It’s probably safe to assume that there are many self-identified “liberals” who enjoy watching Downton Abbey, drawn in by its air of prestige, its aura of highbrow escapism, and the fact that it’s broadcast on PBS, thus stealing money directly from American taxpayers. But do those liberals realize that they’re secretly being indoctrinated to love rich people, eventually leading to the total crumbling of their ideology? Gleeful in their discovery of this subterfuge and in finding something to talk about besides the Inauguration, Fox & Friends stupidly exposed the show’s hidden agenda this morning, letting economist Stuart Varney—whose pleasant British tones helped soften the blow against liberal dogma, much as they do on Downton Abbey—spill the beans on how the series “poses a threat to the left,” then very nicely asked some poor people to tidy up those beans, because that’s what nice rich people do.
“Rich people, powerful people, in America today, are reviled, aren’t they?... We just hate ‘em!
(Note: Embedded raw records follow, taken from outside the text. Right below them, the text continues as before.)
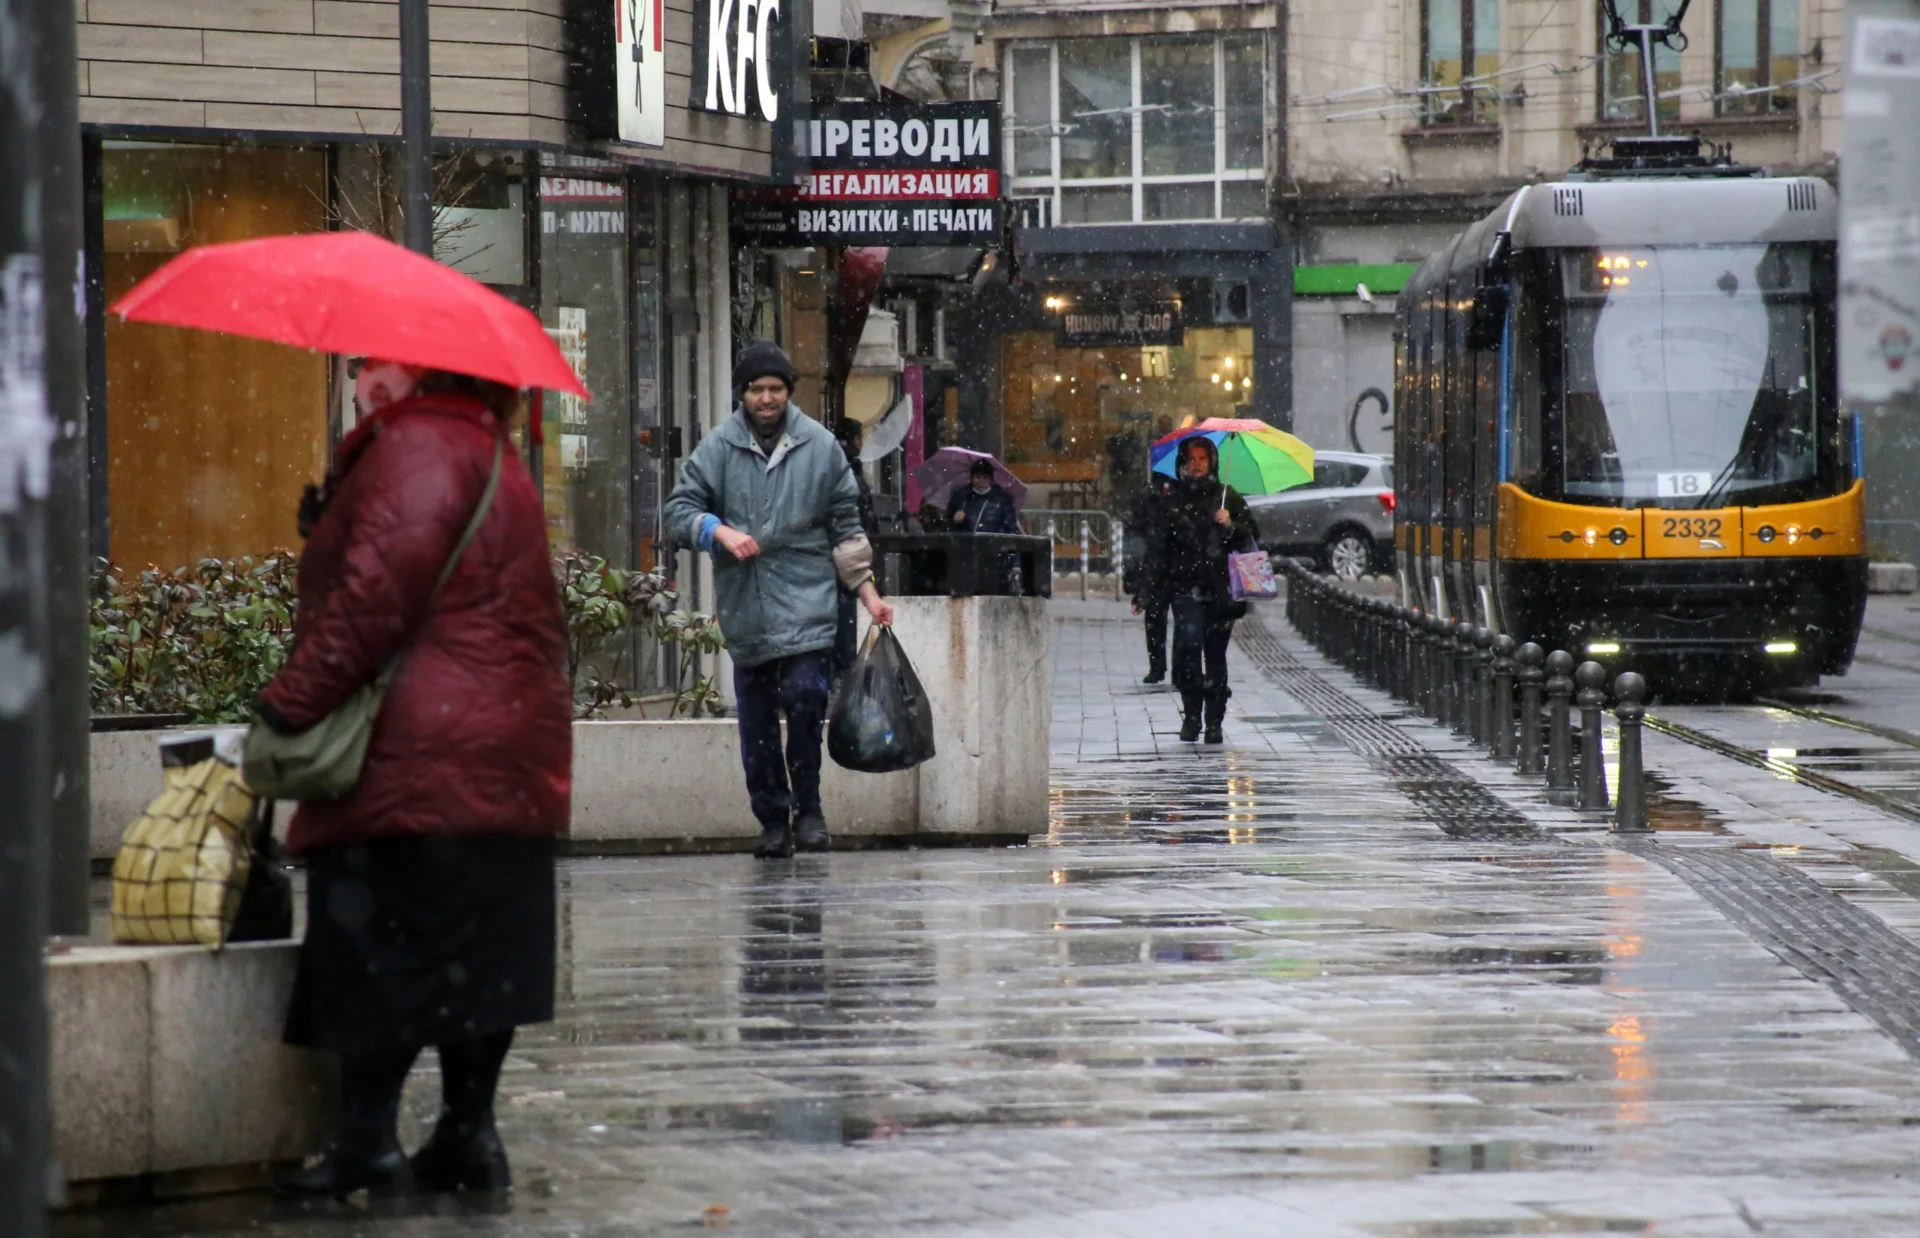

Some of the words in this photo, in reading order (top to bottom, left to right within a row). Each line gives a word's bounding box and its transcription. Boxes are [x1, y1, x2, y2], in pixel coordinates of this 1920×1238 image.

[705, 0, 779, 122] KFC
[798, 173, 989, 198] ЛЕГАЛИЗАЦИЯ
[798, 209, 898, 232] ВИЗИТКИ
[914, 208, 993, 231] ПЕЧАТИ
[1065, 314, 1118, 333] HUNGRY
[1144, 313, 1172, 332] DOG
[1667, 474, 1699, 494] 18
[1663, 517, 1722, 538] 2332
Rich people are evil!” Varney said, using his extensive background as an economist and adult man to make his very professional assessment of the economic climate. But then a show like Downton Abbey comes along, with its classy, good-looking, job-creating rich people who occasionally express a vague semblance of human sympathy to the employees who tend to their every need and outfit change, allow their servants time to die of cancer rather than casting them into the ditch, and only disown their daughters for falling in love with the chauffeur for like a year or so. And then, before they know it, the Democrats have lost the next election to write-in votes for Maggie Smith and cummerbunds. It all makes sense, if you look at it as an economist.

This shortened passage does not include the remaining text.